(PROBLEM TO WORK ON) Copy each line below exactly as it appears. Pictures are to be omitted.

Phrase grounding data:
----------------

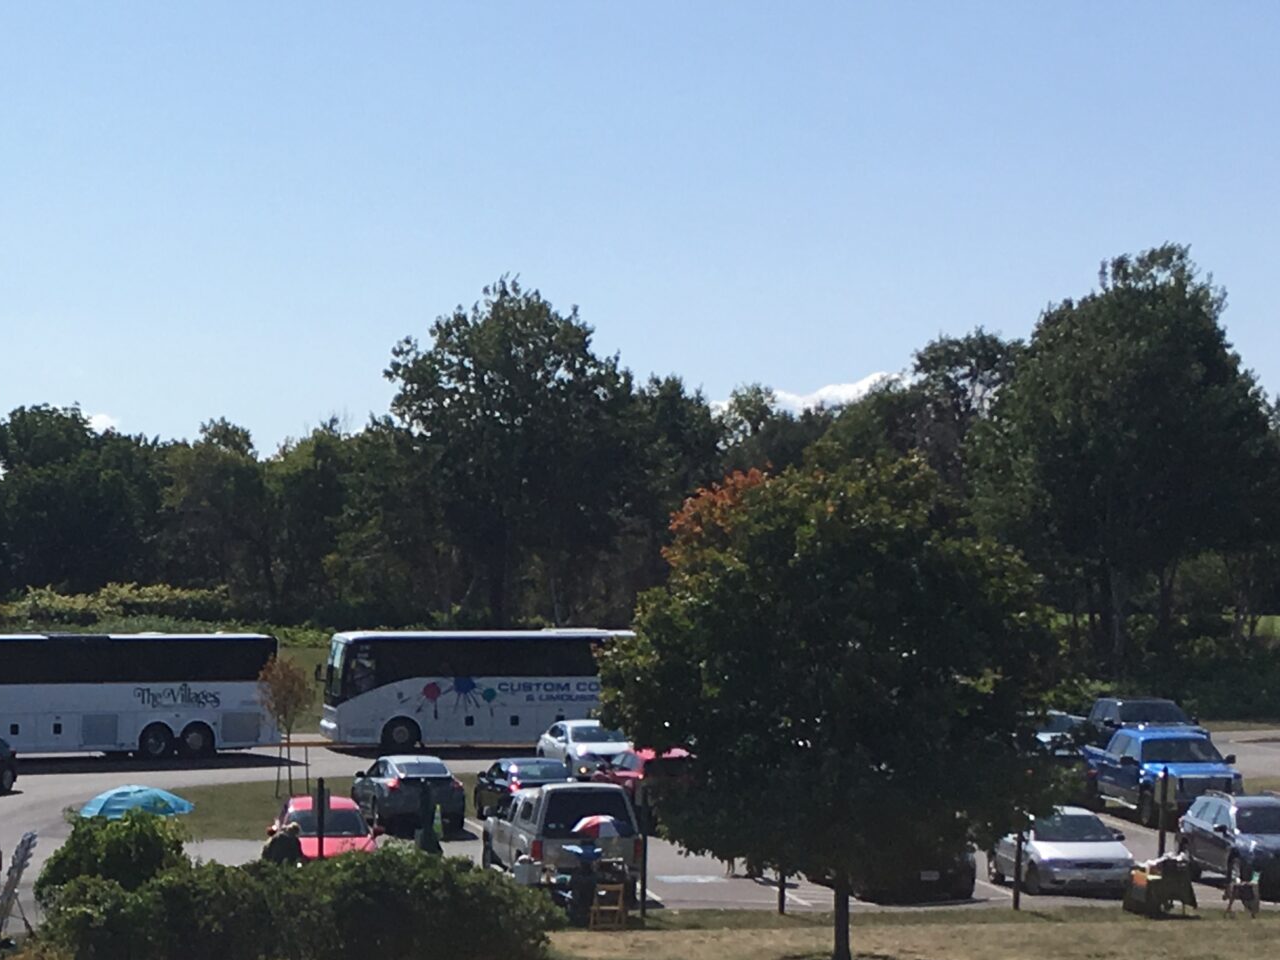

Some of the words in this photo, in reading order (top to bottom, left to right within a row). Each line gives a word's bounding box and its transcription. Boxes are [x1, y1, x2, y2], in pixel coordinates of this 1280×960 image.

[133, 686, 162, 708] The
[162, 682, 221, 708] Villages
[497, 681, 571, 692] CUSTOM
[575, 681, 600, 692] CO

----------------

(EXERCISE RESPONSE)
Some of the words in this photo, in reading order (top to bottom, left to right within a row). Each line gives a word's bounding box and its transcription. Boxes are [x1, y1, x2, y2], in pixel coordinates of this 1280×960 image.

[133, 686, 162, 708] The
[162, 682, 221, 708] Villages
[497, 681, 571, 692] CUSTOM
[575, 681, 600, 692] CO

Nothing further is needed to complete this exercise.